By Richard DawkinsECCO, $27.99, 320 pages
Eminent sociobiologist Richard Dawkins, and writer of The Selfish Gene and The God Delusion fame, narrates the story of his formative years in his memoir An Appetite for Wonder. Starting with his early childhood spent in Africa to his return to England and later starting research in animal behavior at Oxford University, Dawkins shares with readers, for the first time, his early life experiences that shaped his views and directed his career in sociobiology.
“My first school reports dwelt insistently on the theme of ink.”
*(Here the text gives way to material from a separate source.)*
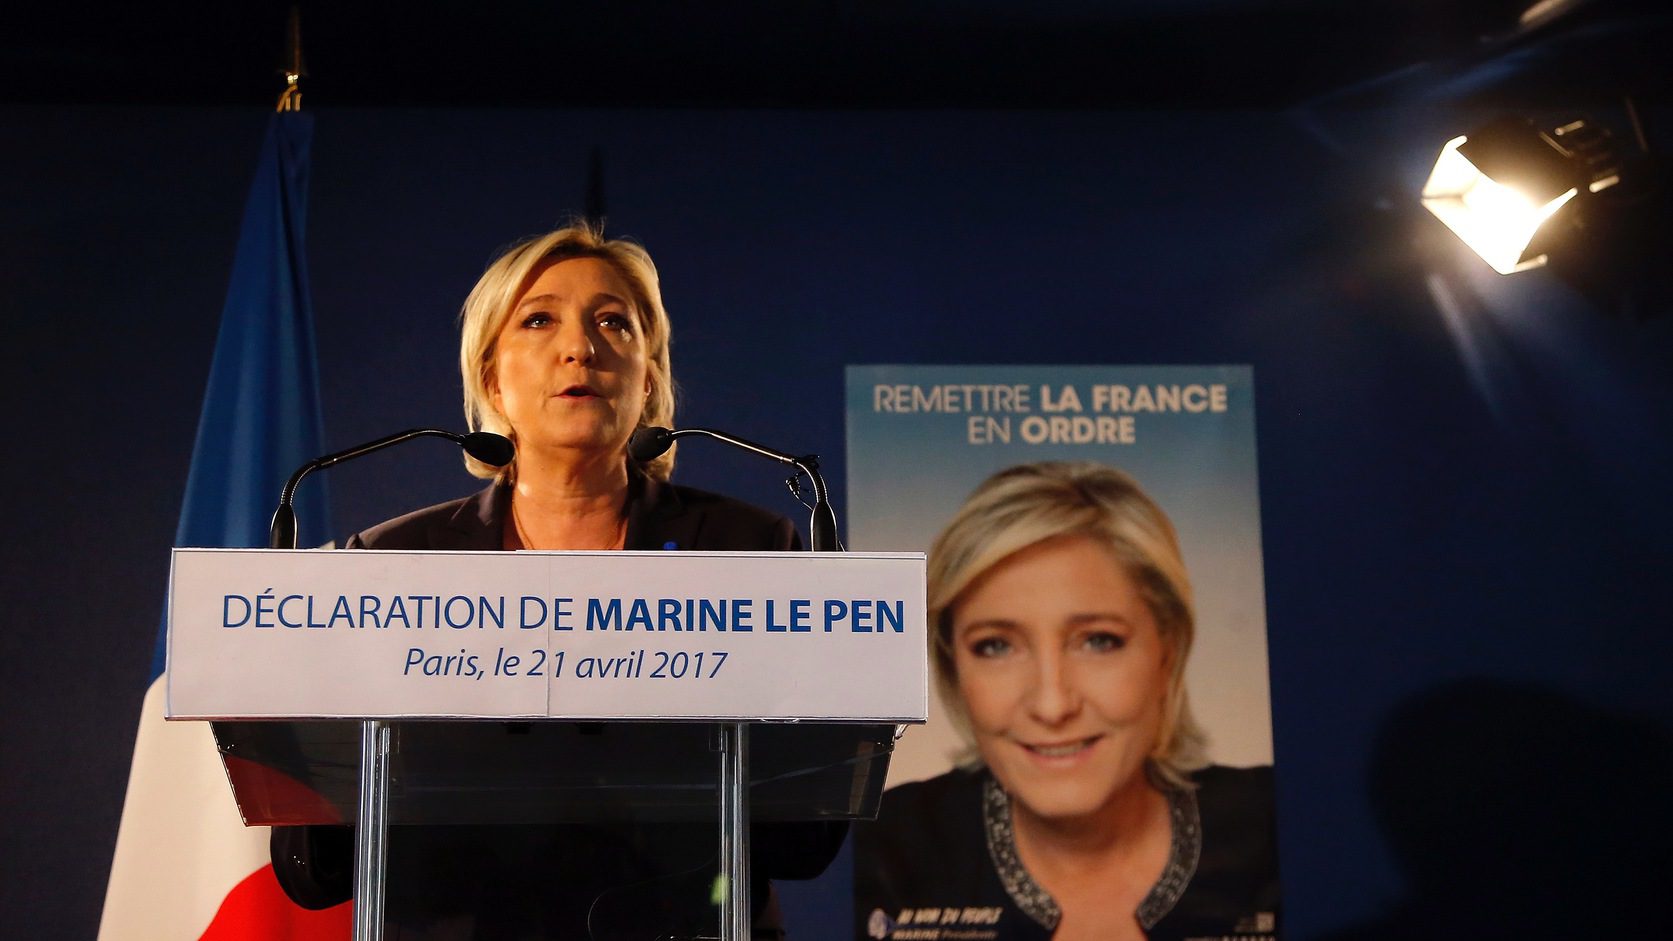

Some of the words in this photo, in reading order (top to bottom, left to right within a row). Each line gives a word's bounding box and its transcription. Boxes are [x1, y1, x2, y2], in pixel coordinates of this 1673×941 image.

Written in an engaging voice, Dawkins’ story has fair value beyond his personal narrative. Through his memories, readers also get a sense of the cultural evolution in the past half-century in the world. The family pictures included in the book are an asset. However, the later chapters are more academic-centered and lose the excitement of the personal voice. Also, readers are left wondering about the details of his deeper adherence to atheism for which he is known today.
For an academic figure of Dawkins’ stature, An Appetite for Wonder certainly isn’t the complete story to quench the thirst of millions of followers. Most likely, they’ll be waiting for another memoir in his post-The Selfish Gene life, particularly his journey to The God Delusion, a blockbuster that established his indelible image as an atheist scholar across the globe.